Besides the gap between what we want in a partner and what we get in an online dating site, people feel that they need to spend endless hours and effort for, maybe, getting a date to have a drink or a cup of coffee. No wonder many of us end up dissatisfied with online dating. It is not just it seems almost impossible to meet “the love of my life”, particularly for we over fifty (we will talk about this issue in another post). It is that we feel like we have wasted our time.
The solution that Frost, Chance, Norton and Ariely offer to improve the online dating experience is to incorporate online virtual dates, as part of the ways people can communicate and interact in the site. These virtual dates should be designed to provide users with a glimpse of the kind of experiential information needed to evaluate a potential partner. Somehow, virtual dates are a way of recreating the offline conditions for experiencing a romantic encounter with someone in the online world.
Indeed, virtual reality affords the means to recreate an environment in which daters can interact with each other in similar ways as they would in a real first date: meeting, for instance, to visit a museum or going to a restaurant for dinner. The interesting aspect of this virtual experience is that users can experiment with the preview of a real interaction in the physical world.
Frost, Chance, Norton and Ariely tested an interface that allowed their participants to do just that: to meet one-on-one with another dater to exchange real time messages and images in a virtual setting reproducing real-world situations. The result was a very positive experience for the participants in the experiment: people enjoyed the connections they made with their partners and they liked their virtual dates significantly more than the person whose profile they had read. More importantly, these more positive impressions carried forward through the first face-to-face meeting in a speed date.
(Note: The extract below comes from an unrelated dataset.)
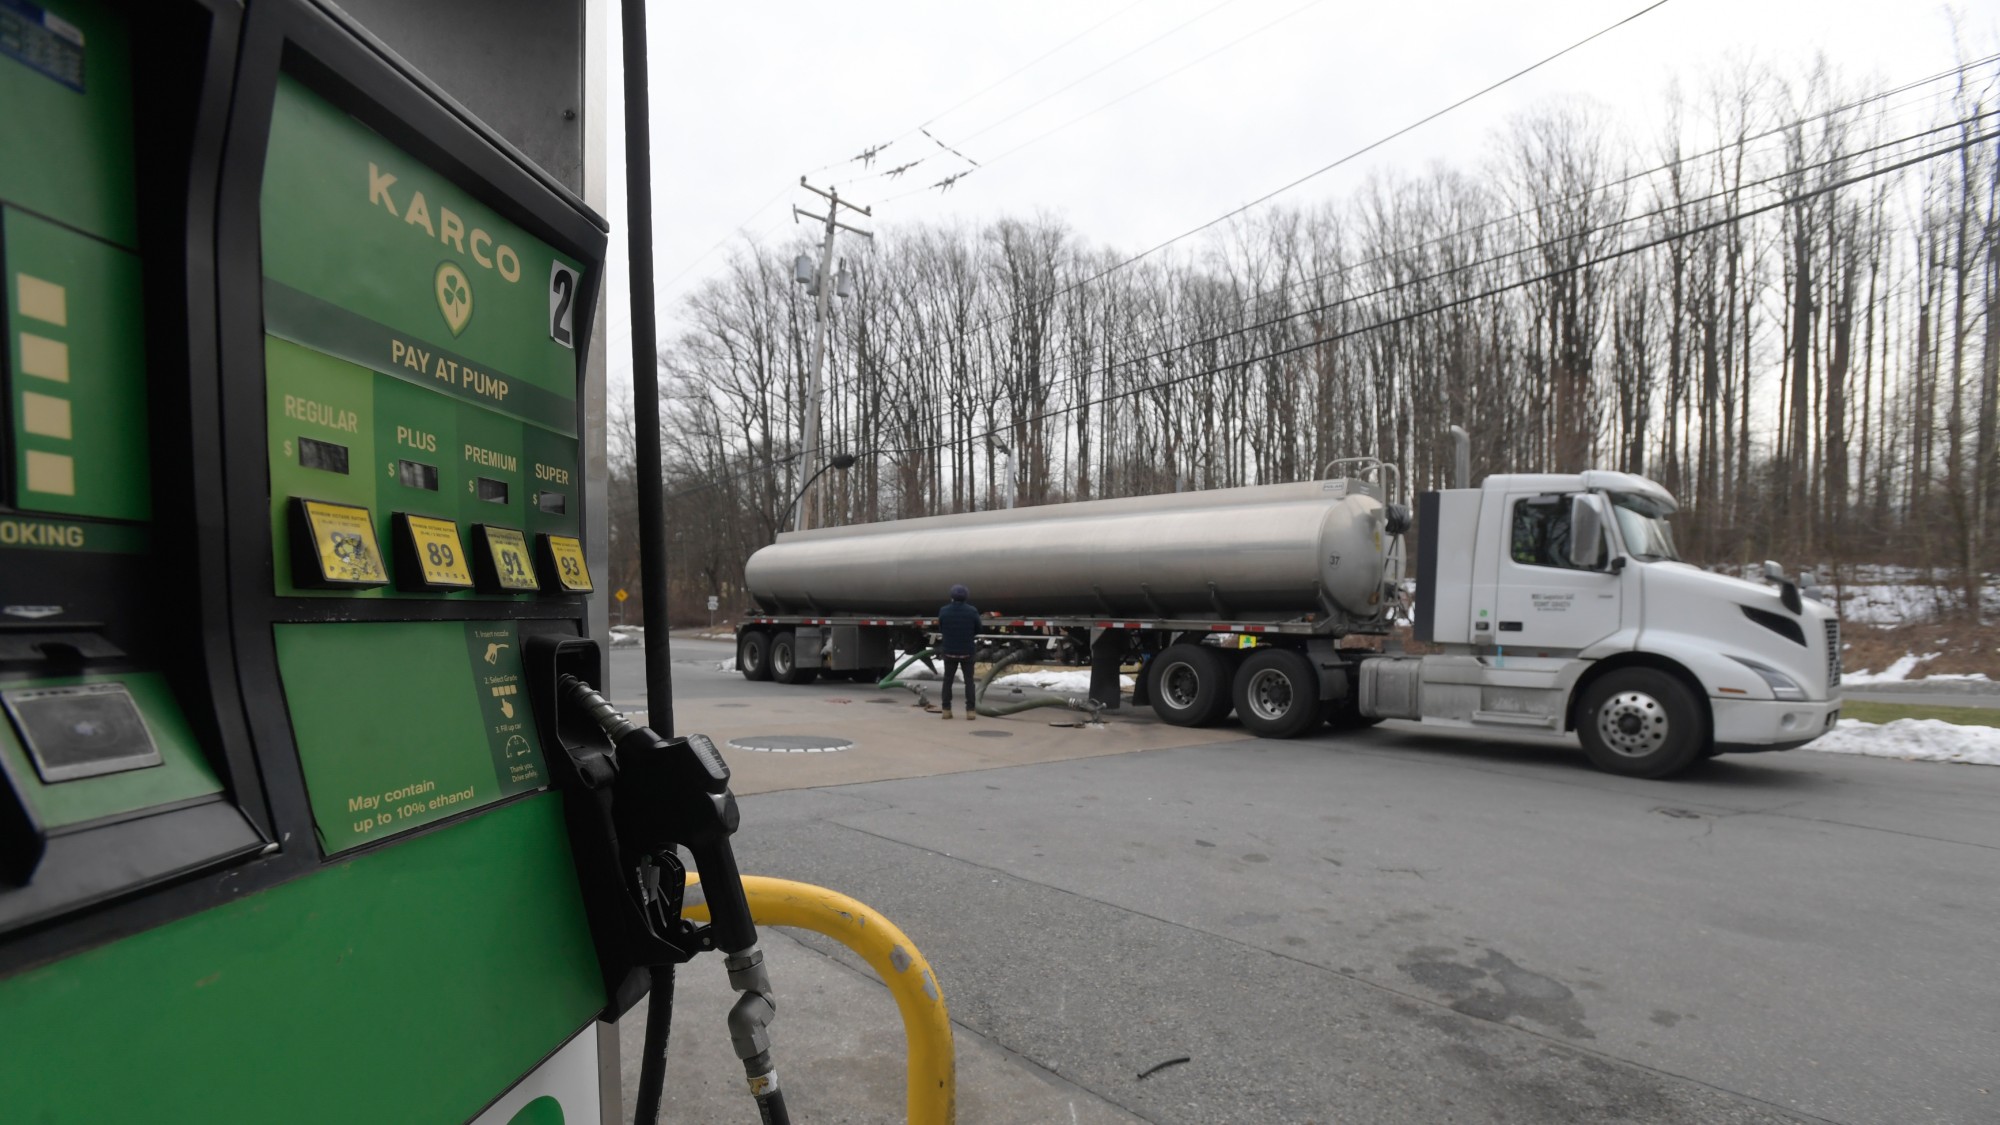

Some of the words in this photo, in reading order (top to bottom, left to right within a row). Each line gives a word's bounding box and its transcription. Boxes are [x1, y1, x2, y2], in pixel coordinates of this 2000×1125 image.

It might sound artificial to resort to virtual reality to get to know someone and to fall in love with that person. Some people can even argue that online life only brings superficial acquaintanceships. However, online life, as many researchers are finding, helps to foster social connections, promoting the development of active and vibrant online communities of shared interests and projects. Online connections, therefore, are not intrinsically positive or negative. It always depends on the goals of the people who use the domain.
In romantic relationships, only direct experience will allow us to make the special connection with another human being. The more we can facilitate real interaction in real time with our potential date before meeting her o him in person, the better chances of liking her o him and not feeling disappointed. Virtual dates help to reduce the gap between the online expectations and the offline reality.
The downside of virtual dates has been the difficulties we, as users, can face to implement the software. Sites like Second Life, OmniDate, AvMatch, and RED Virtual Date allow us to live virtual romantic encounters, but they have not been as successful as other more conventional sites, since they require fast processor and Internet connection speeds, and they are not easy to navigate by the inexperienced user.
Whether resorting to virtual dates or through more common online means to interact with a potential romantic partner, the sooner we can get a direct experience with the other person the better. In the meantime, if the virtual environment is not where you feel more comfortable interacting with a potential date, you can always enhance your online love experience with chats, email or even video, as you feel more confident with the other person.